In the Pediatric Surgery and Orthopaedics Clinic of Tirgu-Mures, Kite method was only used before 2009. After 2009, the Ponseti method was introduced and used by the same physicians’ team. The present study was conceived to retrospectively evaluate the results of the 2 techniques in a single medical center and to present the advantages and disadvantages of each of them, in our experience. The Dimeglio scoring system, firstly described in 1995, was used for evaluation. It is a summarizing system that takes into account 4 major and 4 minor criteria. The major criteria target the reducibility of the 4 malpositions, as follows: equinus, varus, adduction of the forefoot, and suppination. The grading is from 0 (reducible, almost normal) to 4 (nonreducible, very severe). Minor or secondary criteria are as follows: posterior groove, medial groove, cavus, and affected muscle function, which are all awarded 1 point each of present and 0 points of absent. Thereby a score between 0 and 20, and 0 points represents a normal foot; also, an increasing score means a greater severity. Thus, the Dimeglio scoring system distinguishes 4 categories: benign (stage I), moderate (stage II), severe (stage III), and very severe (stage IV).10–12
Although Ponseti method was extensively explored in the last time, in a meta-analysis performed by Matos and de Oliveira, it was mentioned that only 4 articles that compared the 2 methods have been published till 2010;5,13,14 another 3 were added during 2010 to May 2015.3,15,16 To best of our knowledge, this is the eighth study from English literature that compare the efficacy of Ponseti versus Kite method and comprises the largest number of cases.
MATERIAL AND METHODS
Inclusion and Exclusion Criteria
The present study was performed in the Pediatric Surgery and Orthopaedics Clinic from Emergency County Hospital of Târgu Mureş, Romania, and takes into account all consecutive children with clubfoot treated in our clinic between January 2007 and 2013; all of them began the treatment within their first week of life. The average post-therapy follow-up was 6 months. All those patients who did not comply during treatment and the aftercare, who have abandoned the therapy, or who did not agree to participate in the present study have been excluded. The head of the Clinic approved evaluation of the cases and publication of the results. Written informed consent was obtained from each parent prior to beginning any research.
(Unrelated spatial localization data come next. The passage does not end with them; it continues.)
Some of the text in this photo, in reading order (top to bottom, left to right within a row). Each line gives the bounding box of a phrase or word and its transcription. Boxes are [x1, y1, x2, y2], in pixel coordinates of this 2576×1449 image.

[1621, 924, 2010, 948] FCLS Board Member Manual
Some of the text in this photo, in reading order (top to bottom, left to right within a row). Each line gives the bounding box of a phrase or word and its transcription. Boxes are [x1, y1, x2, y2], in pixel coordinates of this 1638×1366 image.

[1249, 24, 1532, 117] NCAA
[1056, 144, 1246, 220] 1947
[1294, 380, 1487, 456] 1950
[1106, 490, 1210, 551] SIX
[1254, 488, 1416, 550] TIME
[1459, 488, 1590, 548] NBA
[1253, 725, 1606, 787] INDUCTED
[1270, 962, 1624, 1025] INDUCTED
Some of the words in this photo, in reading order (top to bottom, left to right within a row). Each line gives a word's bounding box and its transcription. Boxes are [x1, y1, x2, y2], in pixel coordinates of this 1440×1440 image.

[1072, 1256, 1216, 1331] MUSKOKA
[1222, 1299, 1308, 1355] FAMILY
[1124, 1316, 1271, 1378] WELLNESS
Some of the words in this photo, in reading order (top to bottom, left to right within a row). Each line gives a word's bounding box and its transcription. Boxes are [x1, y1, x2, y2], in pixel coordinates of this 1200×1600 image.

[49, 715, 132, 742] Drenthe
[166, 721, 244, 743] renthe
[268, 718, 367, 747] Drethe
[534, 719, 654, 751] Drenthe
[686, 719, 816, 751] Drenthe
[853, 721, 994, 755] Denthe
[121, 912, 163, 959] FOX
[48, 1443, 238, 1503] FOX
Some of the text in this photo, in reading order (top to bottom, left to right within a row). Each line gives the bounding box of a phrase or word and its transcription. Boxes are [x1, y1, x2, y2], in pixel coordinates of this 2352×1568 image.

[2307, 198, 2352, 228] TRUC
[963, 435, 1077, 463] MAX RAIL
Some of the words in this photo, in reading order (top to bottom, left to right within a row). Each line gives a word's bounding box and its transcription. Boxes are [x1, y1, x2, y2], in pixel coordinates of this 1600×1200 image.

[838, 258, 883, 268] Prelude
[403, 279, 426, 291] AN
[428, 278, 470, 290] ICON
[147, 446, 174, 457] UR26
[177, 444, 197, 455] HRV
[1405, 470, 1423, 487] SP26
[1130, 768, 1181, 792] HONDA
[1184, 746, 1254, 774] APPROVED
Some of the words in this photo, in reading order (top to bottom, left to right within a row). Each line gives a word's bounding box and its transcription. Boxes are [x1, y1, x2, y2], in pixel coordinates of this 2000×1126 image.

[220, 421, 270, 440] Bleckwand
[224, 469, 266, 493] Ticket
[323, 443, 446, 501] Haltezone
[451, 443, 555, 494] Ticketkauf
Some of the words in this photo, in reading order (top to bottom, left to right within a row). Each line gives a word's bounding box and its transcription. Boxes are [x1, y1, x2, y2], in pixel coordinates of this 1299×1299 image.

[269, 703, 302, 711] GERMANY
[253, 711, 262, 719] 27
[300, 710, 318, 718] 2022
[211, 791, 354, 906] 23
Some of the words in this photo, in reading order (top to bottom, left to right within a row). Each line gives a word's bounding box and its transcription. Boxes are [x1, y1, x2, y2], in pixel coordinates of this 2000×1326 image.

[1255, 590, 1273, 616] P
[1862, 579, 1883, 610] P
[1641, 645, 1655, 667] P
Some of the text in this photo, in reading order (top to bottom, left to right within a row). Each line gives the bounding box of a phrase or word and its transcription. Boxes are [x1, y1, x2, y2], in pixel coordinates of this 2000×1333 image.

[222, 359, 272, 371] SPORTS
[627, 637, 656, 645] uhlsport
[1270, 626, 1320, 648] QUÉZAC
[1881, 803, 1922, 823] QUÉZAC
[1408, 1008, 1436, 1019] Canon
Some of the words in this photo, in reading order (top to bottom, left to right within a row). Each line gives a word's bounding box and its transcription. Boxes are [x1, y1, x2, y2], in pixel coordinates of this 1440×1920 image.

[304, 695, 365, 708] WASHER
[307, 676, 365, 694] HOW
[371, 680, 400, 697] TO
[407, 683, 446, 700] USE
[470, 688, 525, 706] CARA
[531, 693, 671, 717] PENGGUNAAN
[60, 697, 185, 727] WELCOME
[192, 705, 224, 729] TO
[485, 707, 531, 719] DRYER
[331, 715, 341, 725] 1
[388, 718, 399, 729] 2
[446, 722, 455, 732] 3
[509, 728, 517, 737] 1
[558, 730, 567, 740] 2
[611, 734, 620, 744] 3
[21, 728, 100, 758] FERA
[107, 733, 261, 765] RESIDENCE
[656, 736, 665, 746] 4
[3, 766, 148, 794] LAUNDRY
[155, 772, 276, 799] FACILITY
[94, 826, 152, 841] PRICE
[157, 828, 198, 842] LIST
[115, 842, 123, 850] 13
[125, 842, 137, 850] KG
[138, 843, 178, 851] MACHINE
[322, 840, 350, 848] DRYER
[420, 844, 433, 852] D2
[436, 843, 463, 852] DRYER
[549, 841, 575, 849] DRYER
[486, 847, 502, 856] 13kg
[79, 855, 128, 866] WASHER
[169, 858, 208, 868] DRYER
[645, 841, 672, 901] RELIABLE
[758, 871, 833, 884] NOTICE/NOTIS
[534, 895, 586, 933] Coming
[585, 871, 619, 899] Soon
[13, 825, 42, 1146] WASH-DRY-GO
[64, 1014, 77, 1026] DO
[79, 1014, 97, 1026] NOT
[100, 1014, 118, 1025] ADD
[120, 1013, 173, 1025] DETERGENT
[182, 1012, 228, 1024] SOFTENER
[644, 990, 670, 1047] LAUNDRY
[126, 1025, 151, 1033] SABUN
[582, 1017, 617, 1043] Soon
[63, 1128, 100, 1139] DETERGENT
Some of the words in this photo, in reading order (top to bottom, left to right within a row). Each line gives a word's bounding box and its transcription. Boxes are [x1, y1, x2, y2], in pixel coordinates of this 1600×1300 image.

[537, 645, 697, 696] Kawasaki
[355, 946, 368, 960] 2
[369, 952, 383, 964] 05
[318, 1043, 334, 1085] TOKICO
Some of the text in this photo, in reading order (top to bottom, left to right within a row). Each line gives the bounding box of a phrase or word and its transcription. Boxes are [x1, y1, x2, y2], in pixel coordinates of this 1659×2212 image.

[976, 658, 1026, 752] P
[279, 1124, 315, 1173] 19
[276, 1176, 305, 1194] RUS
In any patient, after careful clinical examination performed in first week of the life, the nonsurgical orthopedic treatment was performed, applying the aftercare protocol; the clinical evaluation of results was performed 6 months after finishing therapeutic protocol. In the worksheets, completed before and after therapy, the following informations were included: patient's age, sex, the affected side, associated malformations, and the Dimeglio score9–11 evaluated before and after treatment. There were no cases with other associated malformations included in the study. No history of familial clubfoot was noted.
Two groups of patients were retrospectively evaluated: one group in which Kite method was used (group A) and second group (group B) treated with Ponseti method.2–7,14
Statistical data were handling with GraphPad Prism 5. The distribution curve has been evaluated with the Kolmogorov–Smirnov test. The Mann–Whitney test was used to compare the central tendencies. To test the differential proportions, the χ2 test was performed. As a statistical significance, 0.05 interval of confidence was used for all of the tests.
From 2007 to 2013, we treated 161 consecutive patients with CC. Of the 161 patients, 93 (57.76%) were boys and 68 (42.23%) were girls, with a median age of 5.20 ± 1.73 days (range between 1 and 7 days). No significant differences regarding the patient's age, sex, weight, tall, or other clinical-pathologic characteristics were noted.
Bilateral manifestation was seen in 74 of the patients (45.96%); a total of 235 affected feet were evaluated. From the 161 unilateral CC, the right leg was affected in 97 patients (60.25%).
From the 235 feet, 129 were treated with Kite method (group A) and 106 with Ponseti method (group B) (Table 1).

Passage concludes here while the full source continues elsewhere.